Data listing -
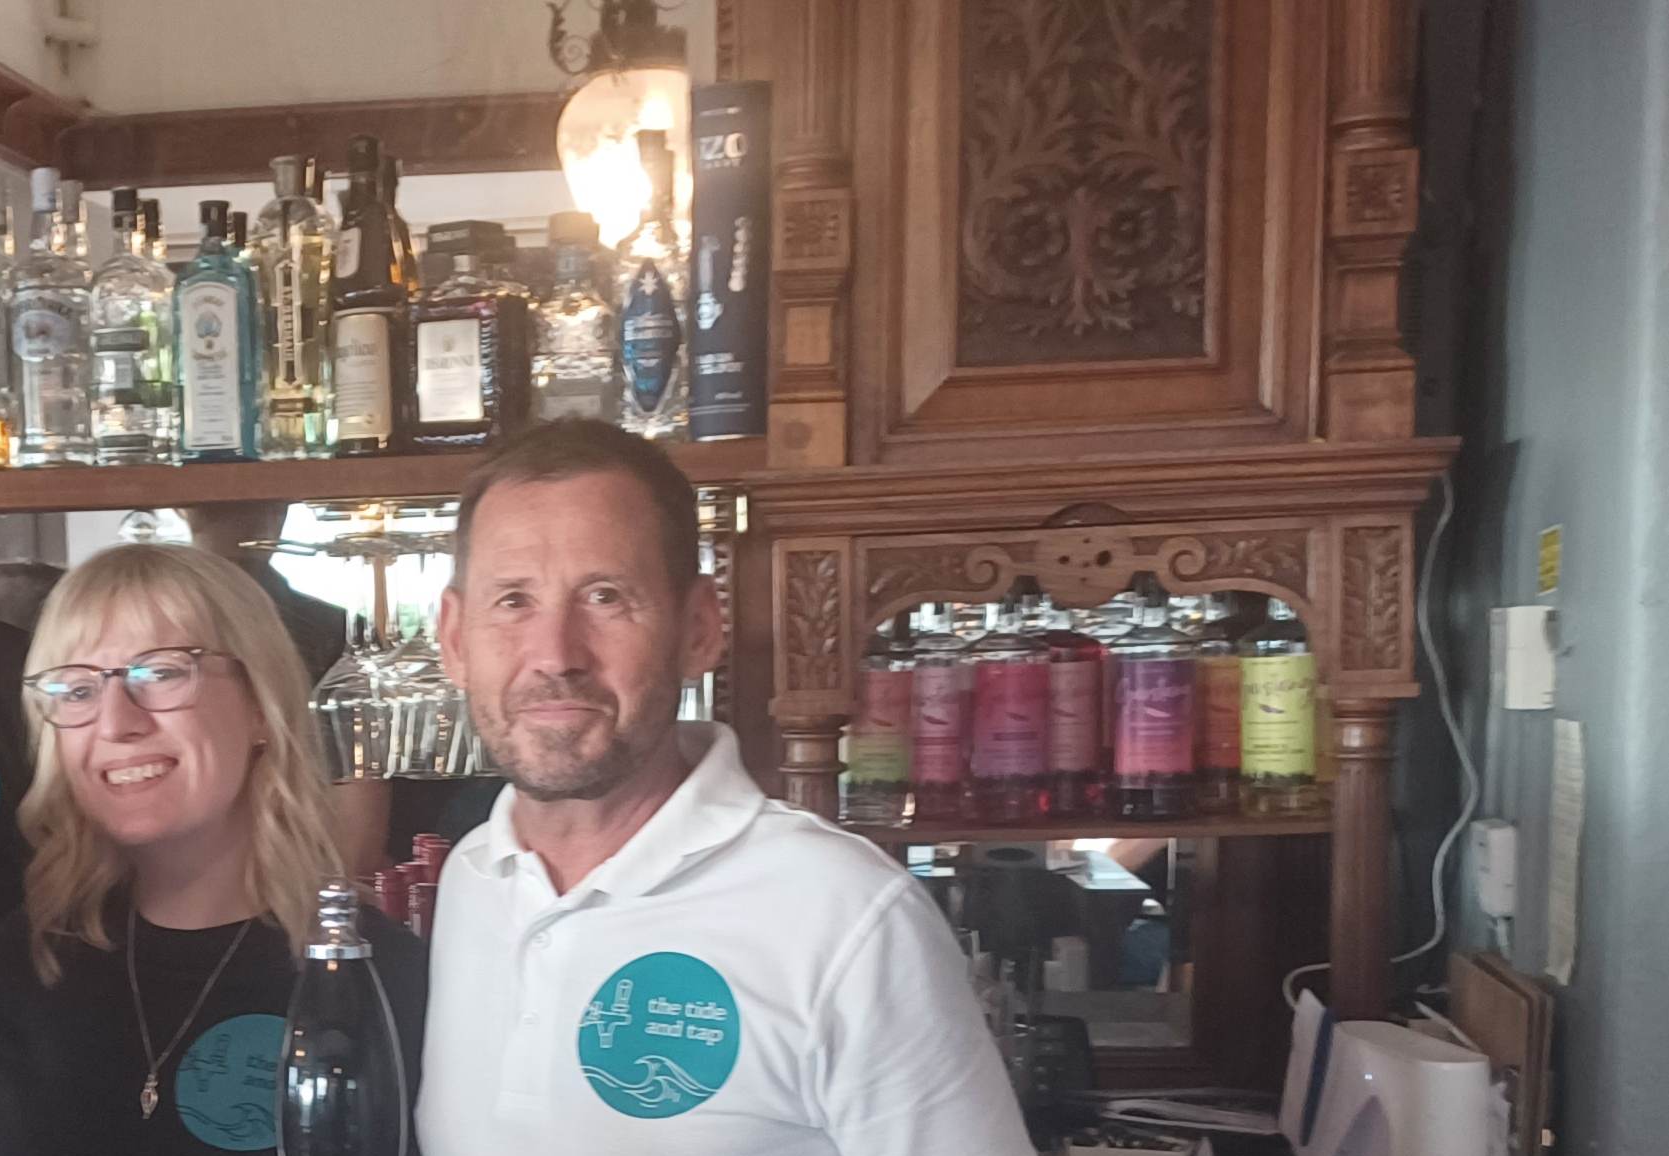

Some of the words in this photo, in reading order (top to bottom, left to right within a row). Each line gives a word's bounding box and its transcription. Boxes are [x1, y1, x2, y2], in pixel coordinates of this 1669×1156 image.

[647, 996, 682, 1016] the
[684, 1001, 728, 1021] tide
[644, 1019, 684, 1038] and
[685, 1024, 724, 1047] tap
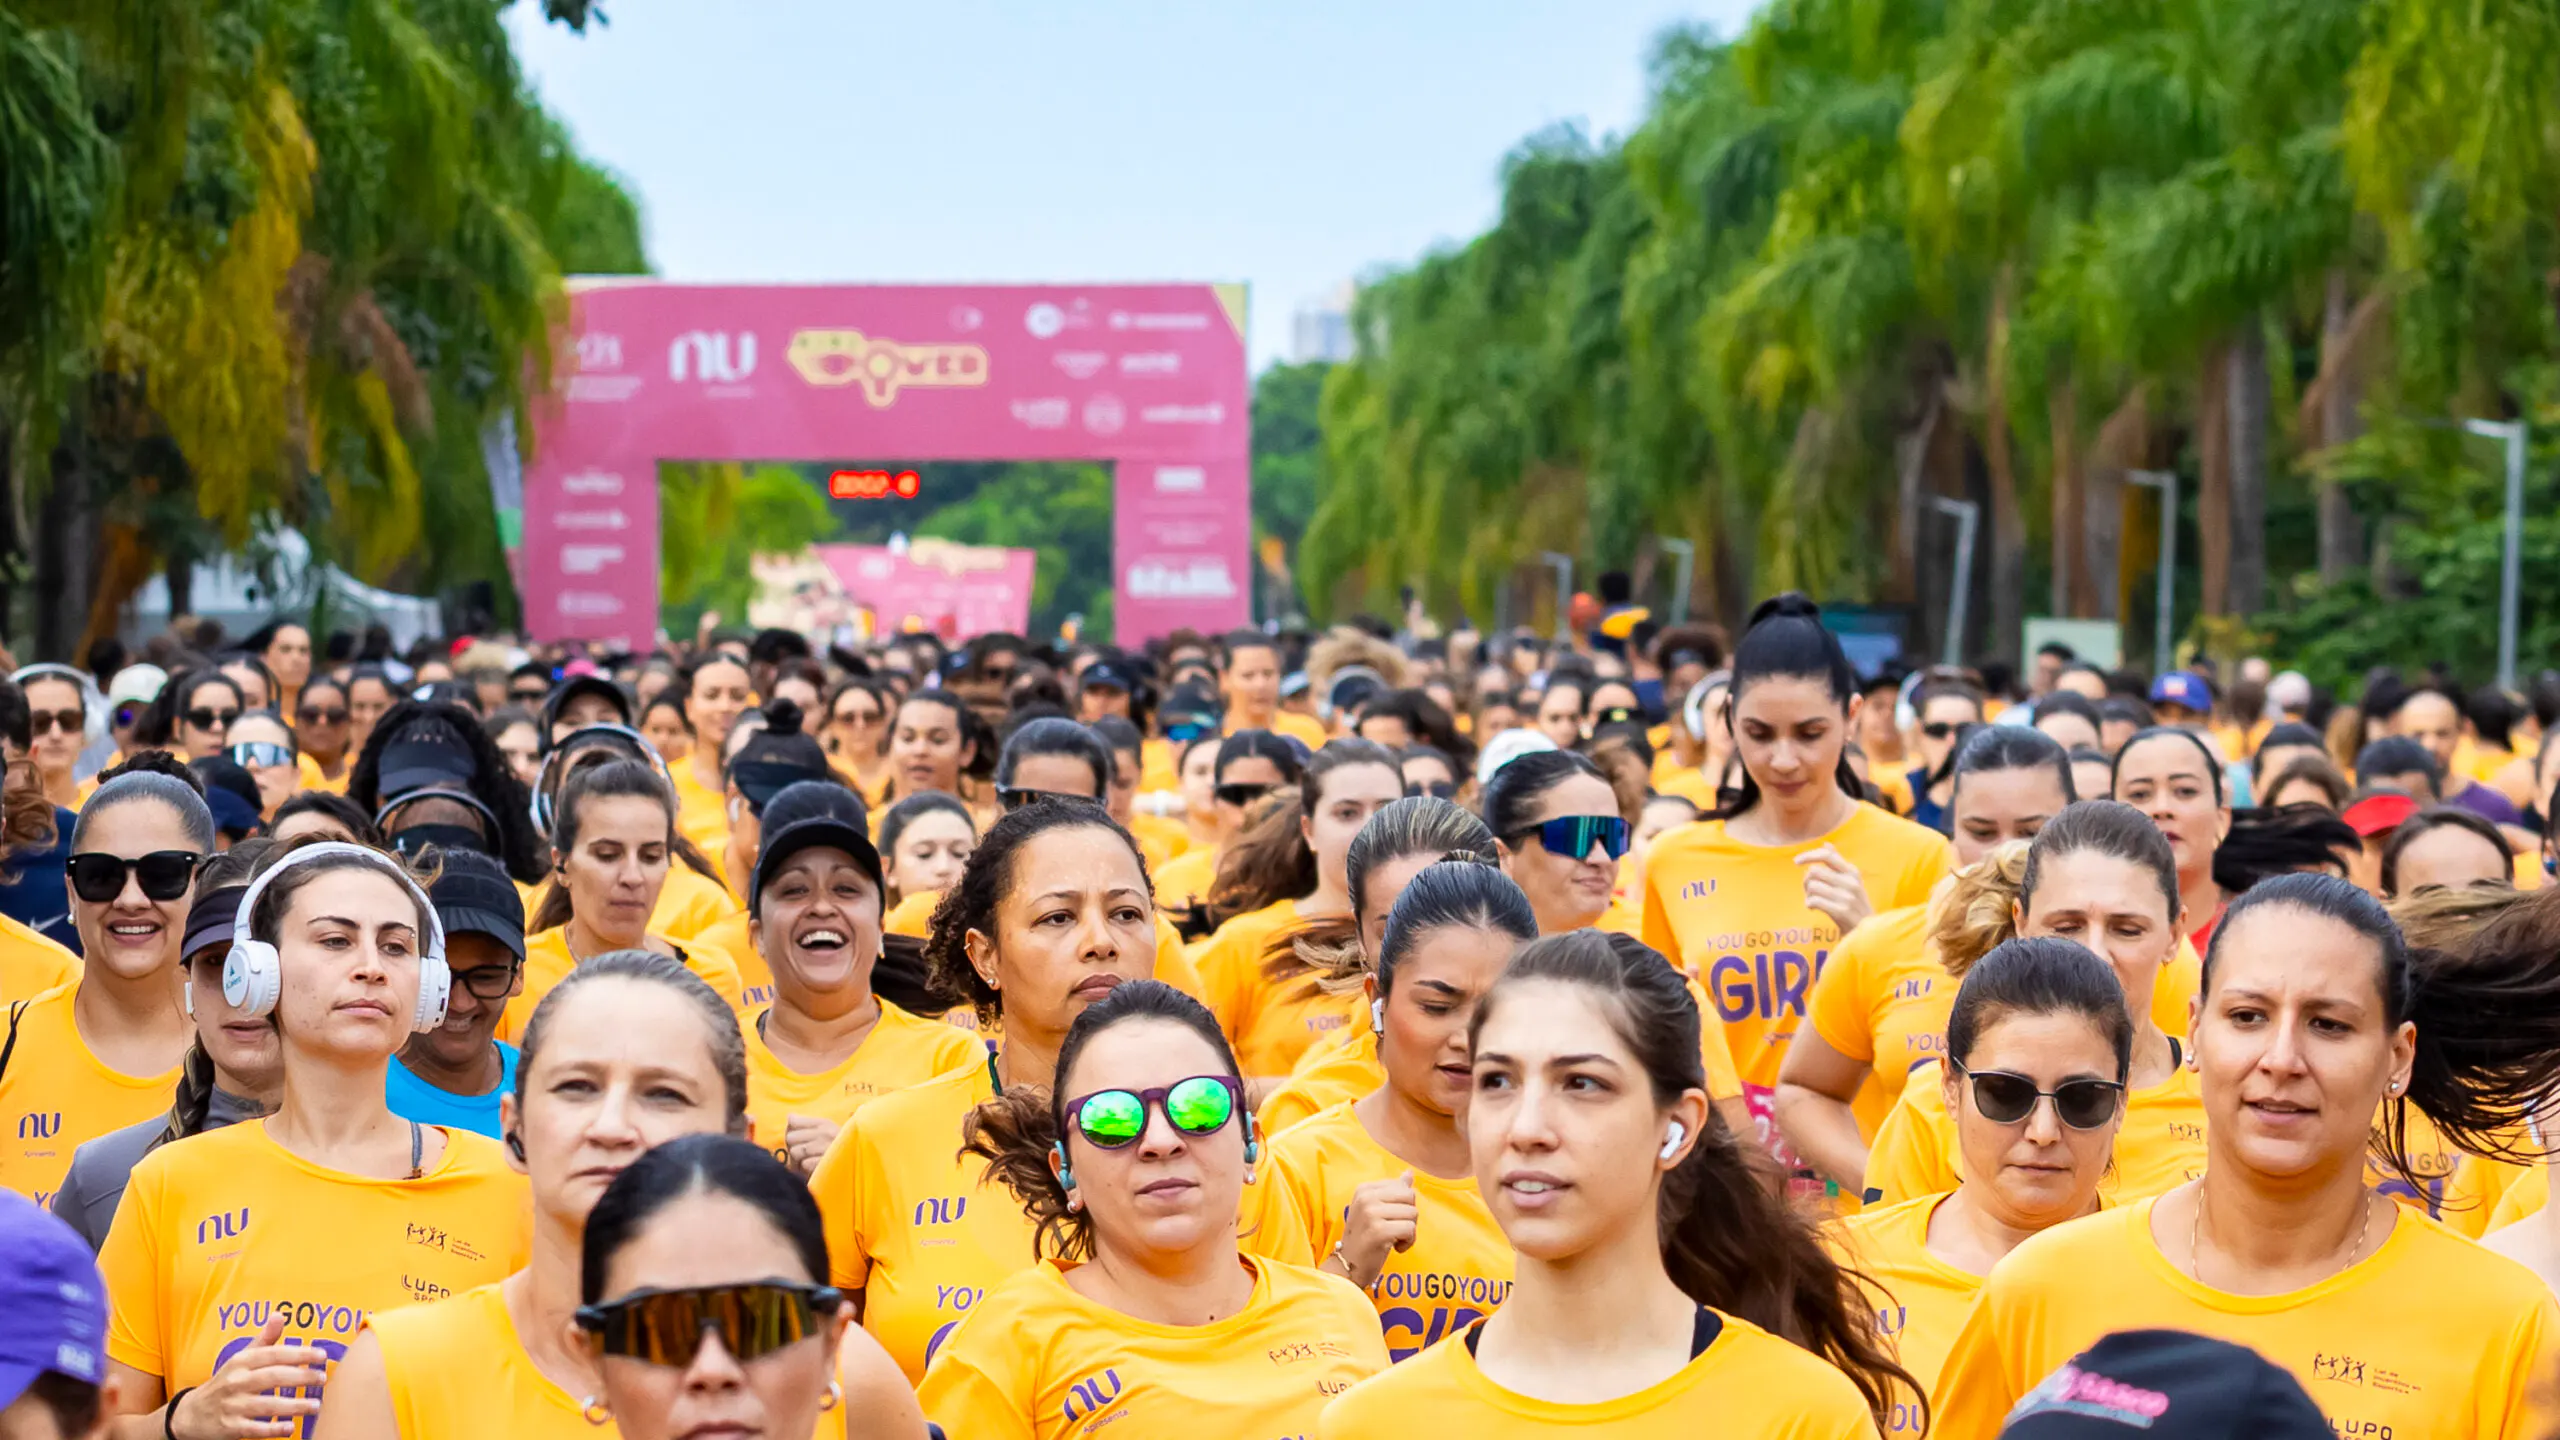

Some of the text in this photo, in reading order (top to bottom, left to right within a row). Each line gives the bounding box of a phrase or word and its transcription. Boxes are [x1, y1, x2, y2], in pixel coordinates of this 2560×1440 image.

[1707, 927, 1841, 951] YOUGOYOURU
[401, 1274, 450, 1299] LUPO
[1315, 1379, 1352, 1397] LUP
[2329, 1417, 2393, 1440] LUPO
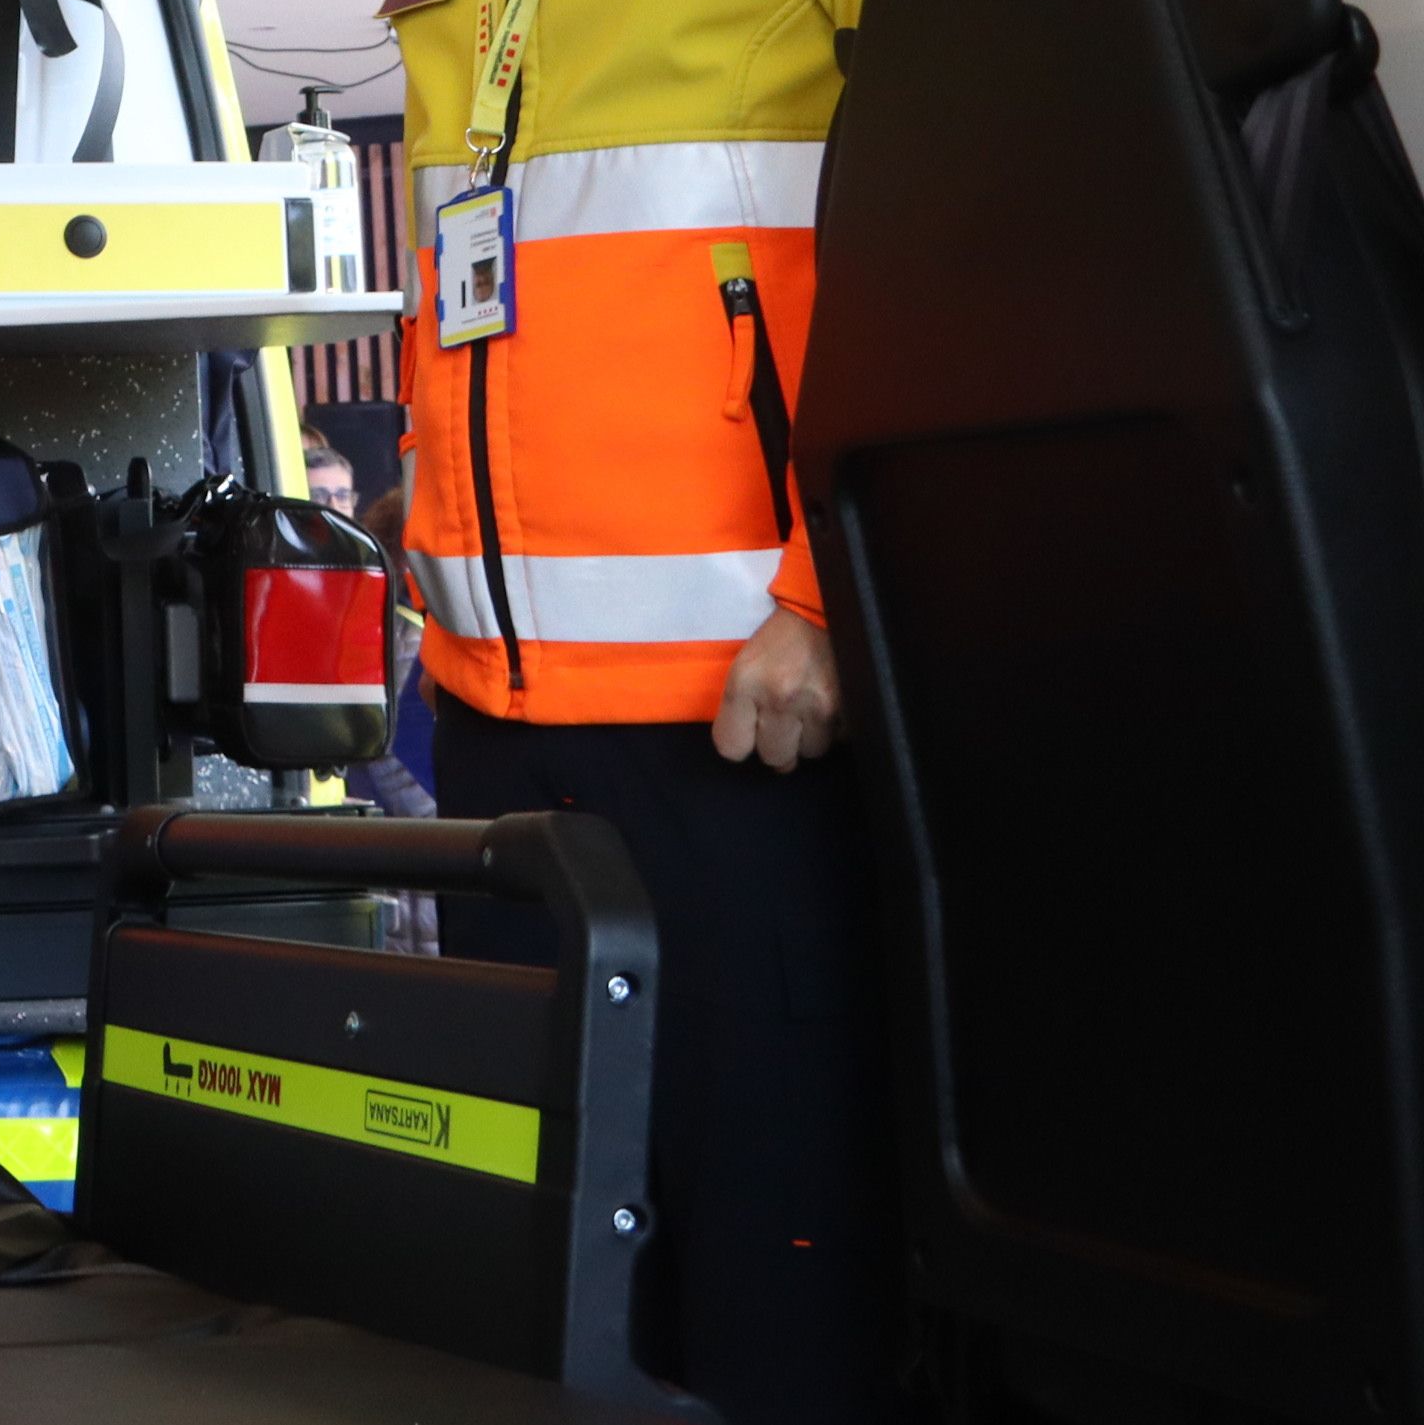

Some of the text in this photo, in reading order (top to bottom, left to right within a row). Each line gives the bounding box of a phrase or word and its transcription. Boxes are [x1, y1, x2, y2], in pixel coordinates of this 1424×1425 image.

Assignment -
Extract the full listing exactly, with the pictures left out.

Finished task -
Some of the words in this photo, in reading order (top to bottom, left to right within a row). Each line gives a word's bounding box and its transcription. Boxes are [x1, y1, x2, y2], in pixel coordinates of this 1669×1156 image.

[647, 996, 682, 1016] the
[684, 1001, 728, 1021] tide
[644, 1019, 684, 1038] and
[685, 1024, 724, 1047] tap

Some of the text in this photo, in reading order (top to bottom, left to right within a row). Each line gives the bounding box of a phrase or word and its transcription. Boxes are [x1, y1, x2, y2], in pixel coordinates of this 2560×1440 image.

[1707, 927, 1841, 951] YOUGOYOURU
[401, 1274, 450, 1299] LUPO
[1315, 1379, 1352, 1397] LUP
[2329, 1417, 2393, 1440] LUPO

Some of the text in this photo, in reading order (top to bottom, left to right within a row). Each line gives the bounding box of a phrase or word and its transcription. Boxes are [x1, y1, x2, y2], in pixel coordinates of this 1424×1425 image.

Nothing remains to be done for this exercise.